> _INPUT DATA_:
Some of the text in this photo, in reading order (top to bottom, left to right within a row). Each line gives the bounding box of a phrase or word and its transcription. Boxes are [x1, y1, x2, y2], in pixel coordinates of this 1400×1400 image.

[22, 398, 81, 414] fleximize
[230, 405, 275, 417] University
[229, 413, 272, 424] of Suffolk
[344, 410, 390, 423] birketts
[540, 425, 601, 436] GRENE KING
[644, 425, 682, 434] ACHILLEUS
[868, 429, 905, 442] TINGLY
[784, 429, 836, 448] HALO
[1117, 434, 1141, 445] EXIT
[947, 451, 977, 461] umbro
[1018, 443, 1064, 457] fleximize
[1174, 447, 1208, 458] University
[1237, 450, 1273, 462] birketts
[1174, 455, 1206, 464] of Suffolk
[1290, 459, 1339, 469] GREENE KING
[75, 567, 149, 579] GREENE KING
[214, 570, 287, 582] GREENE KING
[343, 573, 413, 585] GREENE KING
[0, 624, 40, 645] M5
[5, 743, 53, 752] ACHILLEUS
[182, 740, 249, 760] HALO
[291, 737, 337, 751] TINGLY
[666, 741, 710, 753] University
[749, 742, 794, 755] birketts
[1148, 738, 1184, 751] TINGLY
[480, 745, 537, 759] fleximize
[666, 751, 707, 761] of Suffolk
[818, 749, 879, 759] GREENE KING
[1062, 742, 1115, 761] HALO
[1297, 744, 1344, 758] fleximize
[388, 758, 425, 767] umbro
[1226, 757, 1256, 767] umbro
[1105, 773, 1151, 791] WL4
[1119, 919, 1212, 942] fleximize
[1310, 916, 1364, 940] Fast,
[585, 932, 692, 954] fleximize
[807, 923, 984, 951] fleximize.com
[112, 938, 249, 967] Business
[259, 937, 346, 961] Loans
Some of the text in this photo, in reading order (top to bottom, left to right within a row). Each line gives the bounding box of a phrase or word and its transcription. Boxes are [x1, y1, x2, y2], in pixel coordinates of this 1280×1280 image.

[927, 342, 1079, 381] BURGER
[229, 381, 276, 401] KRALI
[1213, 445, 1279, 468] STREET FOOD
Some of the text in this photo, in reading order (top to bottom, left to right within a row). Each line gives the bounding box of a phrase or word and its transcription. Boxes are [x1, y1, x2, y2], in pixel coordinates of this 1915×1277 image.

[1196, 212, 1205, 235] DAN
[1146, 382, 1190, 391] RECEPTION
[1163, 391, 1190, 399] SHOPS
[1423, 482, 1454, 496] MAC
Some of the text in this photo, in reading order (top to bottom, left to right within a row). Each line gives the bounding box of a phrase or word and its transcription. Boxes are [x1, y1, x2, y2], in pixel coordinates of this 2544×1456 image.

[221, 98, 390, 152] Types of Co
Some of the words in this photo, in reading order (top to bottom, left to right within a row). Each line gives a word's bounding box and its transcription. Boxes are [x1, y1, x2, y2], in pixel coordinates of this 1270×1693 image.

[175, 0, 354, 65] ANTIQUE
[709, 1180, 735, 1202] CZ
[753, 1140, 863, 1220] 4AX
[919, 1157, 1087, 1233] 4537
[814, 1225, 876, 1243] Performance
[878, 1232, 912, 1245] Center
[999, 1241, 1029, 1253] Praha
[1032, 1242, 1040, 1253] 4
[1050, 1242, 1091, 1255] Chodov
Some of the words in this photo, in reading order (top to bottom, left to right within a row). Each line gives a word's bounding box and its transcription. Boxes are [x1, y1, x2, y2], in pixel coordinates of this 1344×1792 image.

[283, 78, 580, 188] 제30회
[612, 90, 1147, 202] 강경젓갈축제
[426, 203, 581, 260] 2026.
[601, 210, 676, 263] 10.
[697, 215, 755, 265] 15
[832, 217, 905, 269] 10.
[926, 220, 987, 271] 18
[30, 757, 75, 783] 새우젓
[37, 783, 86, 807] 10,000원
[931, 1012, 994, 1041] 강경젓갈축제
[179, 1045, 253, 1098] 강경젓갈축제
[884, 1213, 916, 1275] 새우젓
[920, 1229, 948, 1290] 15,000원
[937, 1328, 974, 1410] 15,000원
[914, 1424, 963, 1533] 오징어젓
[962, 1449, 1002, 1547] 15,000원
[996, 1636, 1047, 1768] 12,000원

> _THE TASK_: What is needed is an exact, complete copy of the entries above.

> _PROBLEM SOLUTION_:
Some of the text in this photo, in reading order (top to bottom, left to right within a row). Each line gives the bounding box of a phrase or word and its transcription. Boxes are [x1, y1, x2, y2], in pixel coordinates of this 1400×1400 image.

[22, 398, 81, 414] fleximize
[230, 405, 275, 417] University
[229, 413, 272, 424] of Suffolk
[344, 410, 390, 423] birketts
[540, 425, 601, 436] GRENE KING
[644, 425, 682, 434] ACHILLEUS
[868, 429, 905, 442] TINGLY
[784, 429, 836, 448] HALO
[1117, 434, 1141, 445] EXIT
[947, 451, 977, 461] umbro
[1018, 443, 1064, 457] fleximize
[1174, 447, 1208, 458] University
[1237, 450, 1273, 462] birketts
[1174, 455, 1206, 464] of Suffolk
[1290, 459, 1339, 469] GREENE KING
[75, 567, 149, 579] GREENE KING
[214, 570, 287, 582] GREENE KING
[343, 573, 413, 585] GREENE KING
[0, 624, 40, 645] M5
[5, 743, 53, 752] ACHILLEUS
[182, 740, 249, 760] HALO
[291, 737, 337, 751] TINGLY
[666, 741, 710, 753] University
[749, 742, 794, 755] birketts
[1148, 738, 1184, 751] TINGLY
[480, 745, 537, 759] fleximize
[666, 751, 707, 761] of Suffolk
[818, 749, 879, 759] GREENE KING
[1062, 742, 1115, 761] HALO
[1297, 744, 1344, 758] fleximize
[388, 758, 425, 767] umbro
[1226, 757, 1256, 767] umbro
[1105, 773, 1151, 791] WL4
[1119, 919, 1212, 942] fleximize
[1310, 916, 1364, 940] Fast,
[585, 932, 692, 954] fleximize
[807, 923, 984, 951] fleximize.com
[112, 938, 249, 967] Business
[259, 937, 346, 961] Loans
Some of the text in this photo, in reading order (top to bottom, left to right within a row). Each line gives the bounding box of a phrase or word and its transcription. Boxes are [x1, y1, x2, y2], in pixel coordinates of this 1280×1280 image.

[927, 342, 1079, 381] BURGER
[229, 381, 276, 401] KRALI
[1213, 445, 1279, 468] STREET FOOD
Some of the text in this photo, in reading order (top to bottom, left to right within a row). Each line gives the bounding box of a phrase or word and its transcription. Boxes are [x1, y1, x2, y2], in pixel coordinates of this 1915×1277 image.

[1196, 212, 1205, 235] DAN
[1146, 382, 1190, 391] RECEPTION
[1163, 391, 1190, 399] SHOPS
[1423, 482, 1454, 496] MAC
Some of the text in this photo, in reading order (top to bottom, left to right within a row). Each line gives the bounding box of a phrase or word and its transcription. Boxes are [x1, y1, x2, y2], in pixel coordinates of this 2544×1456 image.

[221, 98, 390, 152] Types of Co
Some of the words in this photo, in reading order (top to bottom, left to right within a row). Each line gives a word's bounding box and its transcription. Boxes are [x1, y1, x2, y2], in pixel coordinates of this 1270×1693 image.

[175, 0, 354, 65] ANTIQUE
[709, 1180, 735, 1202] CZ
[753, 1140, 863, 1220] 4AX
[919, 1157, 1087, 1233] 4537
[814, 1225, 876, 1243] Performance
[878, 1232, 912, 1245] Center
[999, 1241, 1029, 1253] Praha
[1032, 1242, 1040, 1253] 4
[1050, 1242, 1091, 1255] Chodov
Some of the words in this photo, in reading order (top to bottom, left to right within a row). Each line gives a word's bounding box and its transcription. Boxes are [x1, y1, x2, y2], in pixel coordinates of this 1344×1792 image.

[283, 78, 580, 188] 제30회
[612, 90, 1147, 202] 강경젓갈축제
[426, 203, 581, 260] 2026.
[601, 210, 676, 263] 10.
[697, 215, 755, 265] 15
[832, 217, 905, 269] 10.
[926, 220, 987, 271] 18
[30, 757, 75, 783] 새우젓
[37, 783, 86, 807] 10,000원
[931, 1012, 994, 1041] 강경젓갈축제
[179, 1045, 253, 1098] 강경젓갈축제
[884, 1213, 916, 1275] 새우젓
[920, 1229, 948, 1290] 15,000원
[937, 1328, 974, 1410] 15,000원
[914, 1424, 963, 1533] 오징어젓
[962, 1449, 1002, 1547] 15,000원
[996, 1636, 1047, 1768] 12,000원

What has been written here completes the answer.